Document the scene. Your phone is a camera. Use it. Photograph both vehicles from multiple angles, any skid marks or debris, the intersection or road conditions, traffic signals, and your visible injuries. Take a screenshot of the location in your maps app to record exactly where the crash happened.
Talk to witnesses. If bystanders saw what happened, ask for their name and phone number before they leave. Witness accounts can be decisive when the other driver's story changes between the scene and the insurance claim.
Don't leave without a police report number. If officers respond, get the report number and the officer's name. If they don't respond and direct you to file yourself, do it within 24 hours.
What Not to Do at the Scene
The things you don't do at a crash scene matter just as much as what you do.
Don't say "I'm sorry." Even a casual "I'm sorry" can be characterized as an admission of fault. At the scene, you don't have complete information about what caused the crash. You don't need to assign blame — that's what the investigation and insurance process is for. Be courteous, check on the other driver's wellbeing, exchange information, and keep your comments factual.
Don't speculate about fault. "I didn't see you" or "I was coming around that corner kind of fast" — statements like these can be used against you by the other driver's insurer to shift blame and reduce your compensation.
Don't decline medical attention at the scene. If paramedics respond and offer to evaluate you, let them. Refusing can be used to argue later that you weren't actually injured.
Don't move an injured person unless there's immediate danger. Moving someone with a potential spinal injury can worsen that injury significantly. Call 911 and let emergency medical professionals handle it.
Don't post about the crash on social media. Insurance adjusters and defense attorneys routinely monitor the social media accounts of claimants. A post saying "I'm okay!" undermines an injury claim. A photo of you at a cookout the next day gets used to dispute your pain and suffering. Just don't.
Dealing With Insurance Companies
This is where a lot of people get hurt — not at the crash scene, but in the weeks after, when insurance adjusters call.
Report the crash to your own insurance company. You're typically contractually required to report accidents promptly. Call your insurer, give them the basic facts of what happened — not speculation, just facts — and let them know you're still being evaluated medically.

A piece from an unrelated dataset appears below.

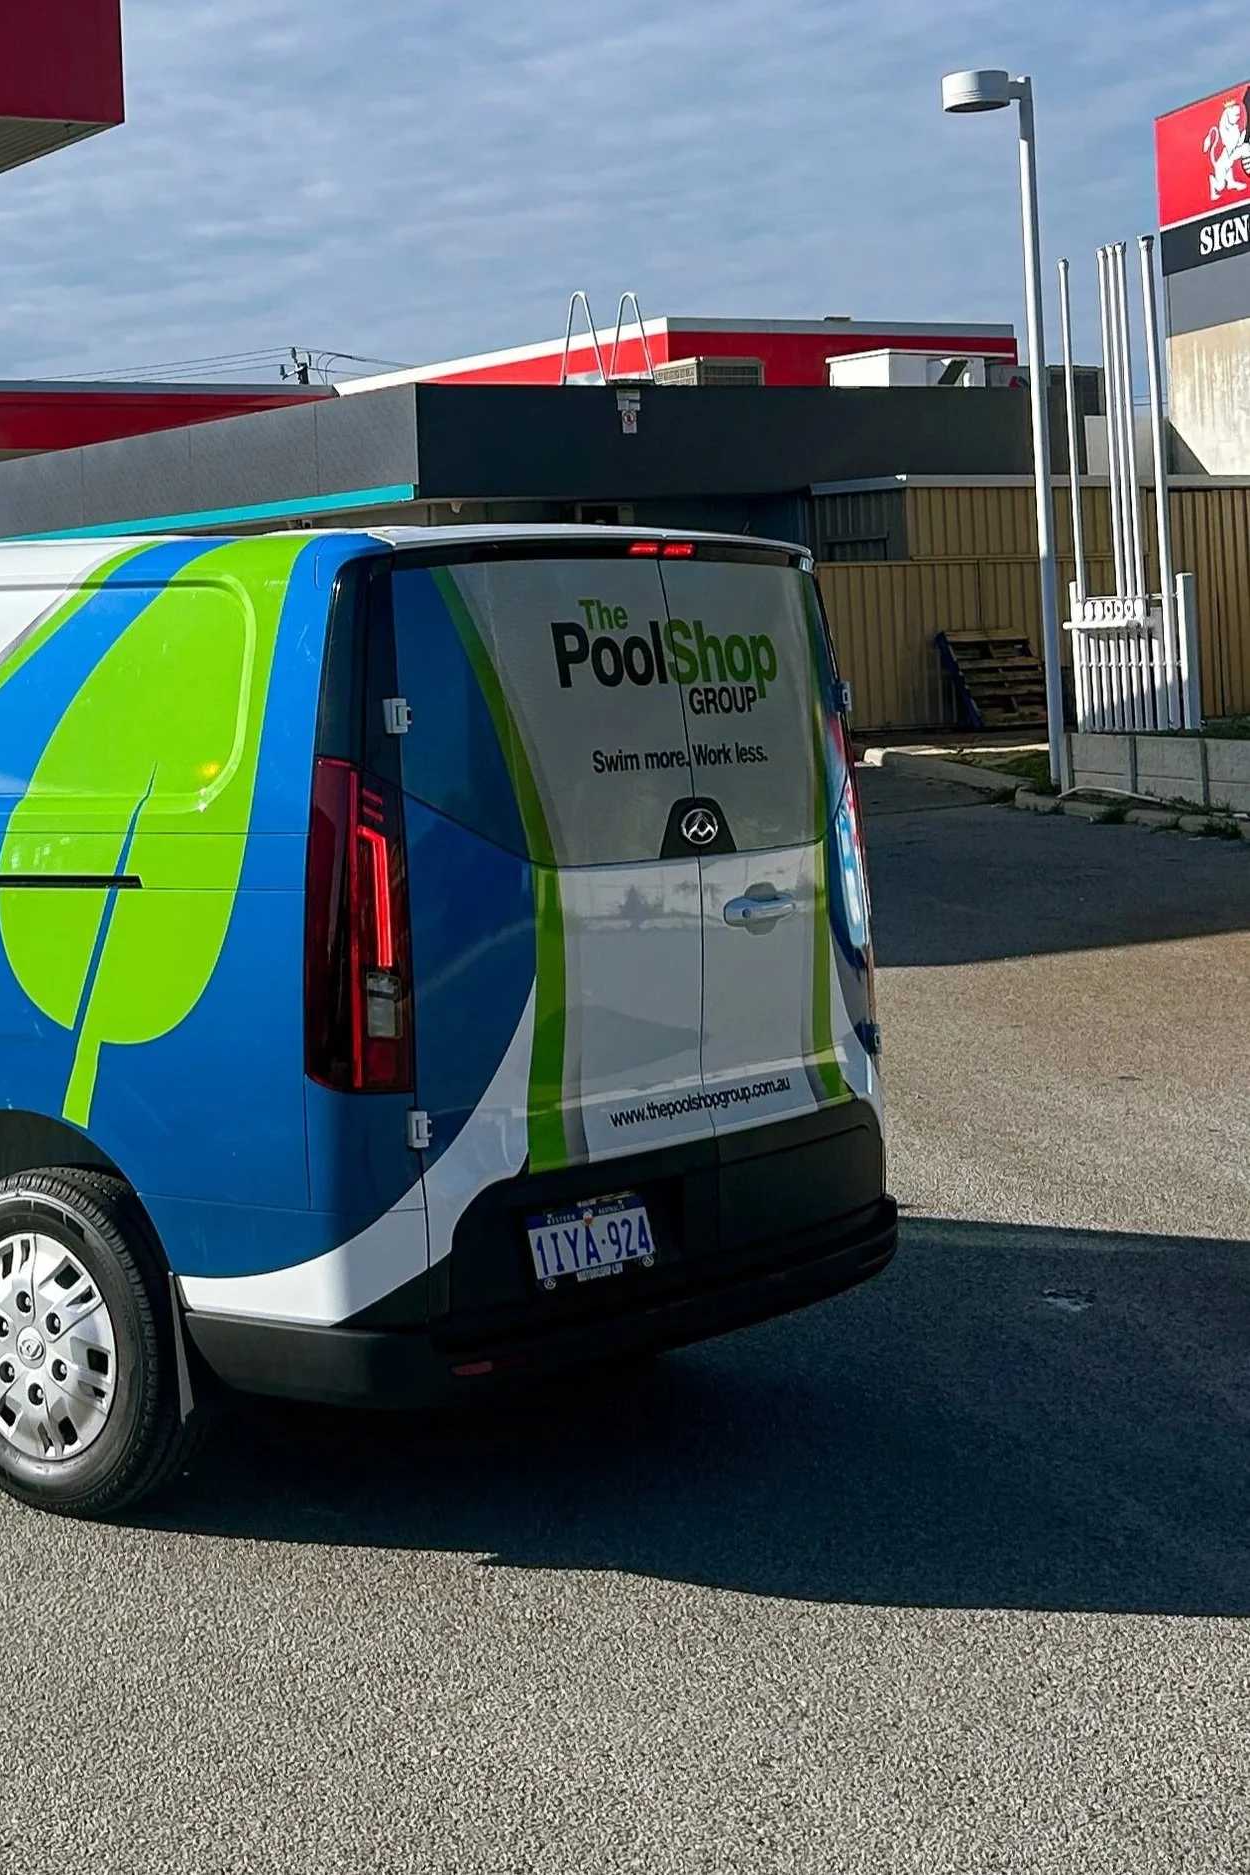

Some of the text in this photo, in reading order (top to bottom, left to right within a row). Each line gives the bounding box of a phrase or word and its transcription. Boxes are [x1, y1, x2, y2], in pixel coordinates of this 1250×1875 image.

[577, 597, 629, 631] The
[688, 686, 759, 716] GROUP
[592, 741, 769, 775] Swim more. Work less.
[609, 1076, 792, 1128] www.thepoolshopgroup.com.au

Be very careful with the other driver's insurance company. Their adjuster is not there to help you. They're there to minimize what their company pays. When they call — and they will call, often within 24-48 hours — you don't have to give a recorded statement. You're not legally required to. You can simply say you're still being evaluated and you'll be in touch.

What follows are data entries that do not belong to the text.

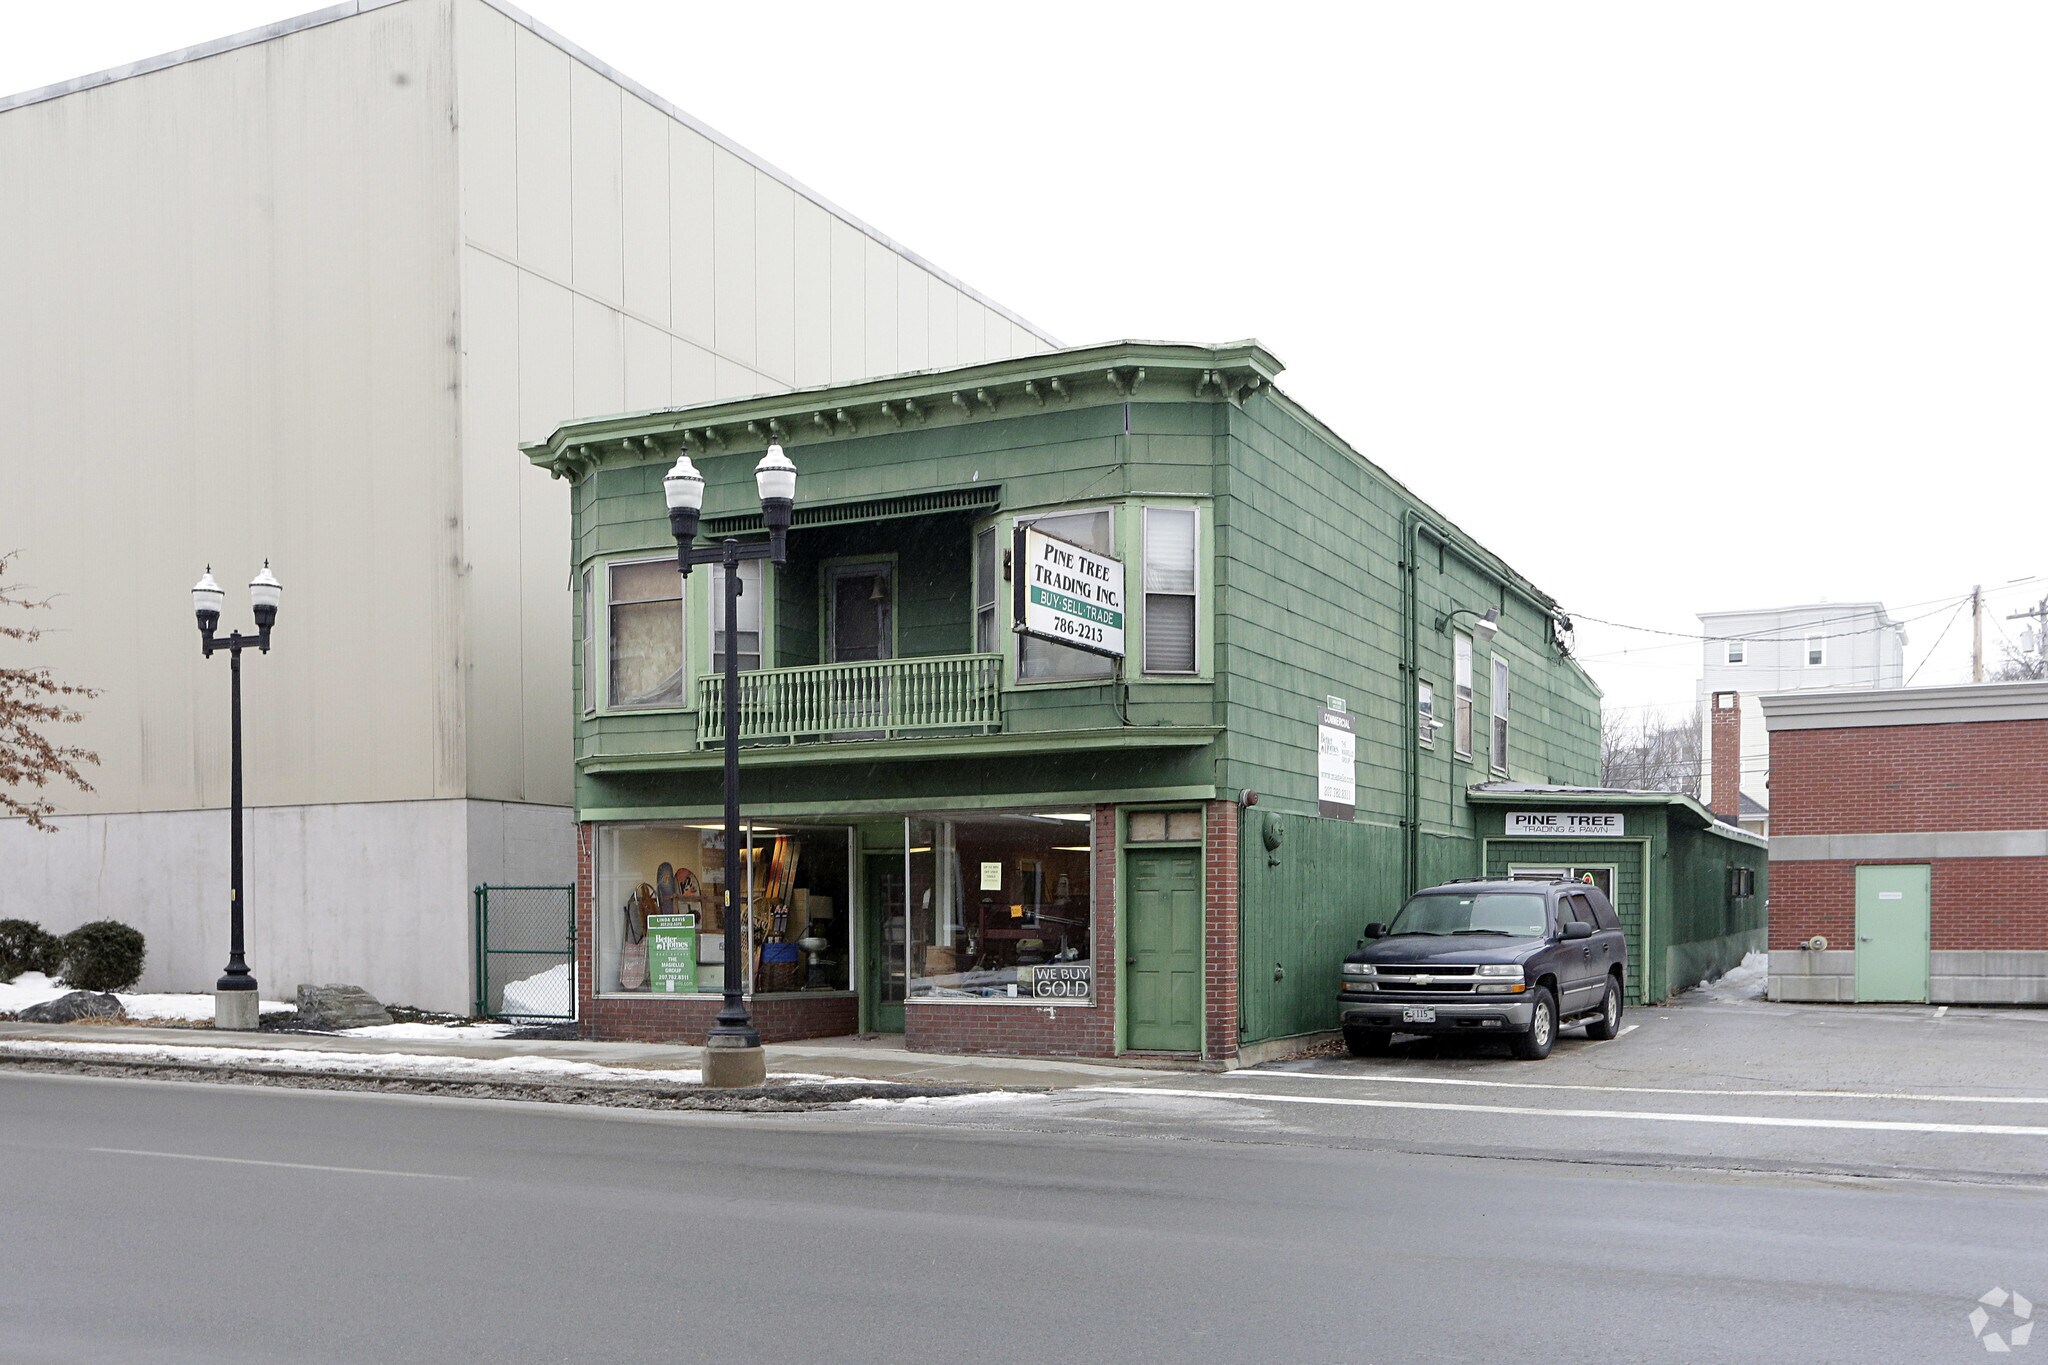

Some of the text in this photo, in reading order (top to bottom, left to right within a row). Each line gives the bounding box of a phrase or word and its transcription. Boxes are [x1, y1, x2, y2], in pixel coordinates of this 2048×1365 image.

[1044, 543, 1110, 582] PINE TREE
[1035, 564, 1119, 607] TRADING INC.
[1054, 616, 1103, 643] 786-2213
[1324, 713, 1351, 729] COMMERCIAL
[1515, 815, 1615, 826] PINE TREE
[655, 934, 678, 943] Better
[663, 941, 689, 950] Homes
[1036, 968, 1089, 980] WE BUY
[1037, 980, 1088, 997] GOLD

Never give a recorded statement without talking to an attorney first. This is one of the most consequential mistakes people make. A recorded statement locks you into a version of events before you know the full extent of your injuries, before you've had time to think clearly, and before you know what the other driver is claiming. What sounds like a neutral statement can be used to limit your recovery in ways you won't see coming.
Don't accept an early settlement offer without understanding what you're giving up. Insurers often make quick, low offers — sometimes within days of the crash. They know your medical bills are piling up and that financial pressure can make a fast check look appealing. But accepting that offer typically means signing a release that ends your ability to seek any additional compensation, even if your injuries turn out to be worse than you thought. Once you sign, it's final.

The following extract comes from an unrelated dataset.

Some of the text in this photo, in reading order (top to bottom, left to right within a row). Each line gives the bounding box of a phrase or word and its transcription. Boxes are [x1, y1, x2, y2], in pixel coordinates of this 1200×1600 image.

Understand your own insurance coverage. New Mexico requires insurance companies to offer uninsured motorist (UM) and underinsured motorist (UIM) coverage. If the driver who hit you has no insurance — and nearly 1 in 4 New Mexico drivers doesn't — your UM coverage is your primary source of compensation. Know what you have before you need it.
See also: Uninsured Motorist Coverage: What Happens When the Driver Who Hit You Has No Insurance?
Understanding Your Injuries — and Why Timing Matters
Car accident injuries don't always announce themselves immediately. This isn't an exaggeration — it's backed by how the body responds to trauma.
Whiplash is the most common car accident injury, and it frequently doesn't produce full symptoms for 24 to 72 hours. Neck pain, stiffness, headaches, and shoulder pain may seem minor at first and intensify over days.
Concussion and traumatic brain injury (TBI) can occur even without a direct blow to the head. The brain moving inside the skull during impact is enough. Symptoms — confusion, headaches, sensitivity to light, difficulty concentrating, mood changes — can take days to appear and may be attributed to stress or fatigue rather than injury.
Back injuries, including herniated discs and damage to the lumbar spine, often don't produce their worst symptoms immediately. If you felt a jolt but "nothing serious," and then wake up two days later barely able to move, that's not unusual. It's also exactly what insurance companies will try to use against you — claiming your injury happened after the crash, not because of it.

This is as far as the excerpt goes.